Давненько Фёдор не был на таком отрадном застолье. Он быстро напился, и славно чувствовал себя, не знаючи никого из гостей. Речь иноземную Фёдор примерно улавливал. Он пил ещё и ещё, освобождая какой-то тяжкий гнёт своего разума.
Фёдор откинулся назад, слушая краем уха, об чём болтает Генрих. Подле немца сидели двое здешних вельмож что-то расспрашивали Штадена.
Фёдор подался вперёд, едва услышав что-то про «русского безумного князя Московского».
Весело присвистнув, Басманов обратил на себя внимание.
- Это вы ж ничего и не знаете, - засмеялся Фёдор на кривой, но всякой различимой иноземной речи.
- Поведай же, - махнул рукой кто-то из знакомцев Генриха.
- Он жрёт сердца, - пожав плечами выпалил Фёдор.
Гости разразились громким смехом, и лишь веселье Штадена поутихло.
- Да-да, - кивнул Басманов, - жрёт сырыми. Ему как-то подали жаренное, так и предали огню того нерадивого, что вкус крови отбил напрочь.
Видать, Фёдор и дальше бы продолжил, но рука Генриха опустилась ему на плечо.
- Тео, - молвил Штаден, заглядывая другу в глаза.
Фёдор цокнул, скидывая руку, но всяко, стыдливо отвёл взгляд.
Горящий, неописуемый стыд наполнил всё его тело, и он не мог никак избавиться от это мразотного ощущения под кожей. Поднимаясь со своего места Фёдор задел пару блюд, а они уж высокий кувшин.
Всё с грохотом пало на каменный пол, и Фёдор с превесёлым смехом пнул посудину, поднявши больше шуму.
- Али не прав я, братец?! – горланил Басманов.
Генрих подорвался со своего места и крепко обнял Фёдора.
Отстранившись, Генрих обхватил лицо Фёдора. Они прикоснулись лоб ко лбу.
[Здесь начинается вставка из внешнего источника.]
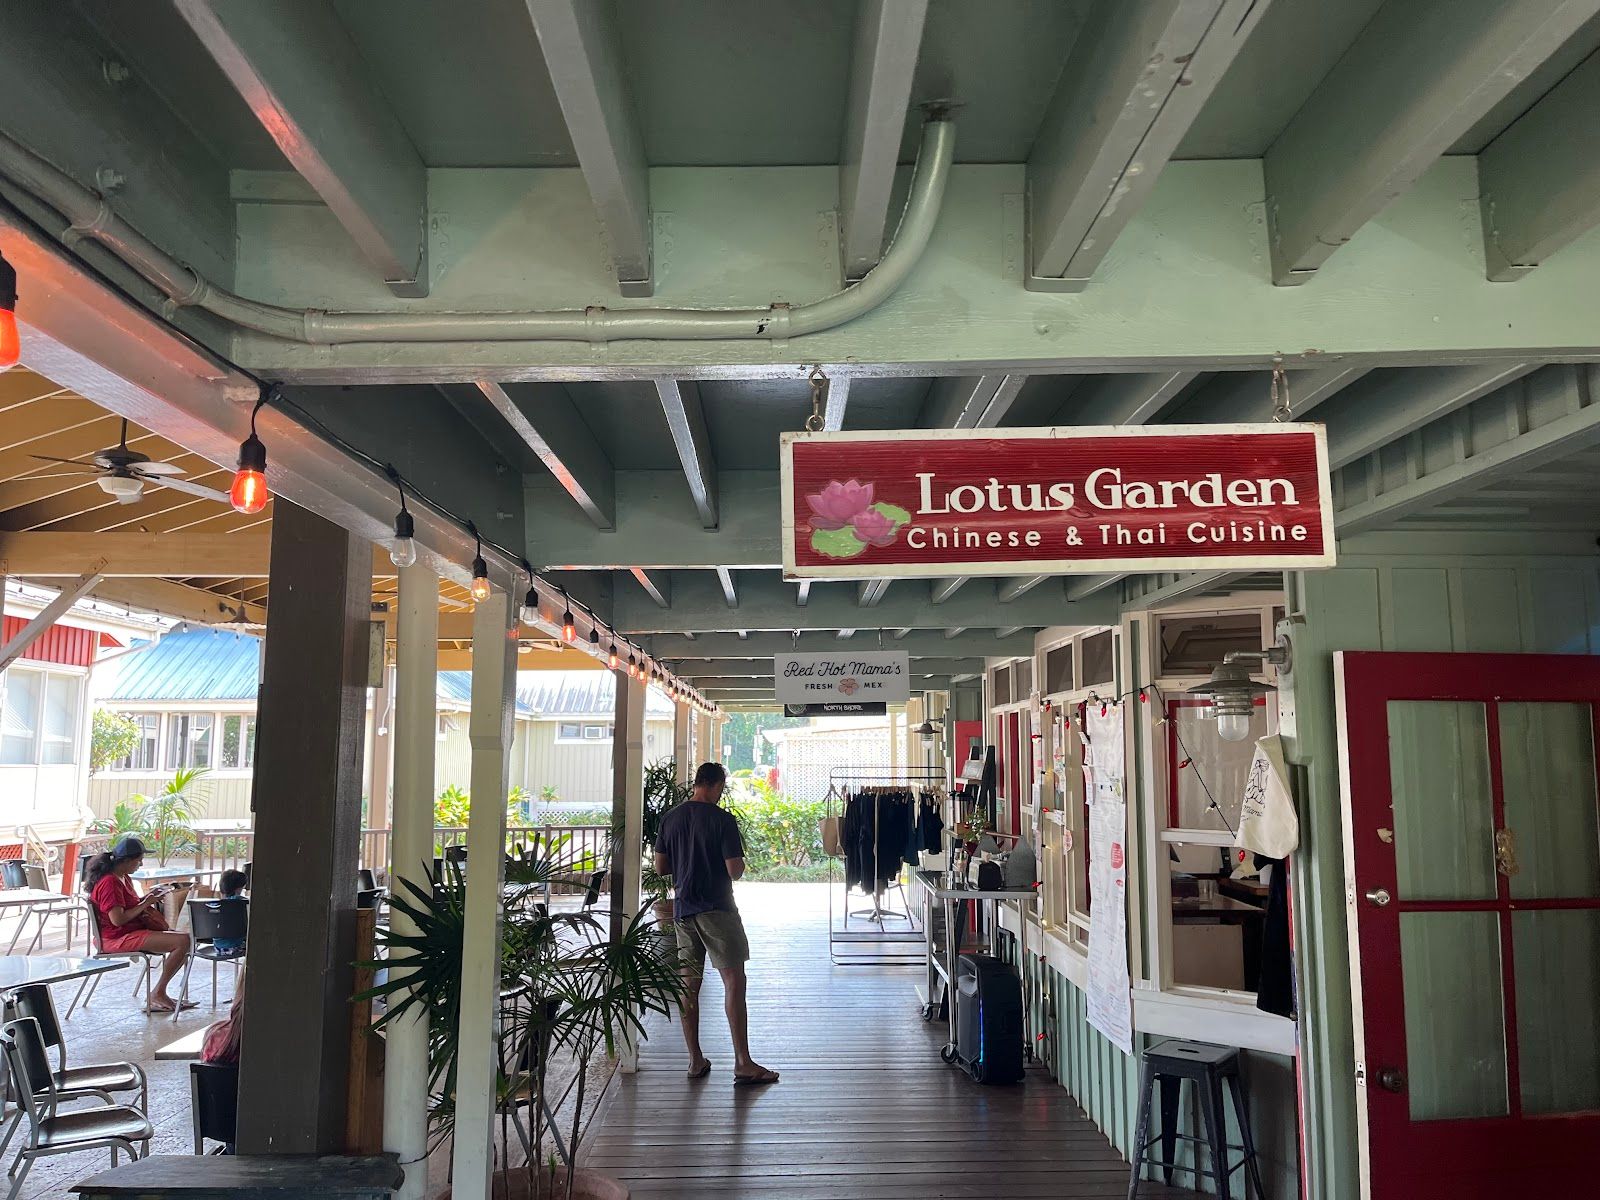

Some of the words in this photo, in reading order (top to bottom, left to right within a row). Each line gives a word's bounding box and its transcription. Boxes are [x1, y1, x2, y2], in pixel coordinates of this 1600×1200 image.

[915, 472, 1074, 514] Lotus
[1085, 467, 1299, 511] Garden
[907, 526, 1042, 548] Chinese
[1066, 526, 1083, 545] &
[1098, 523, 1166, 545] Thai
[1187, 520, 1308, 544] Cuisine
[784, 661, 815, 677] Red
[818, 661, 845, 677] Hot
[848, 660, 901, 676] Mama's
Сквозь царящий вокруг дикий шум они слышали дыхание друг друга.
- Ты устал? – тихим шёпотом спросил Генрих.
Фёдор часто закивал, сдерживая ком в горле.
- Пойдём? – спрашивал Штаден.
…
Фёдор остался в своих покоях. Голова гудела от выпитого, но подлые мысли всё бесились, не давали никакого покоя.
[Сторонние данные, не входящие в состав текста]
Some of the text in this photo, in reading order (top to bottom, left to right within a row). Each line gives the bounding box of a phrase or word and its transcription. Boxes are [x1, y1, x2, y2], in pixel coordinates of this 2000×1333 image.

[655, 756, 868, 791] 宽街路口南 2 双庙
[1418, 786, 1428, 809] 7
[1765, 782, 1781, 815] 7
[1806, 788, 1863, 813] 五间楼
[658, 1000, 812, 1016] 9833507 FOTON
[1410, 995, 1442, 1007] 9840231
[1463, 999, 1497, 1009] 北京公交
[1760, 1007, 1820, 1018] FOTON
Басманов встал с кровати, сам поражаясь, как его не берёт сон после такой пирушки.
Фёдор сел на каменное окно, поглядывая на здешние красоты. Вдалеке редкими окошками и парой полос дыма виднелся Ален со своими чудаковатыми шпилями.
Фёдор цокнул, и, пройдясь по комнате провёл по лицу, и, взявшись за голову заорал во всё горло. Он срывался до надрывного хрипа, испытывая себя, сколь долго он может вопить.
Никто не слышал его в этом огромном каменном мешке.
Изнемогая в беспомощной тупой боли, Фёдор сполз по стенке и сел на пол, прислонившись спиной к двери.
…
Пробуждение было резким.
Фёдор сквозь стиснутые зубы простонал, потирая затылок.
Лишь опосля Басманов смекнул, что к чему. Юноша, задремав опершись прямо на дверь был разбужен той самой служанкой. Она отворила дверь, и тем самым спровадила Басманова к резкому пробуждению.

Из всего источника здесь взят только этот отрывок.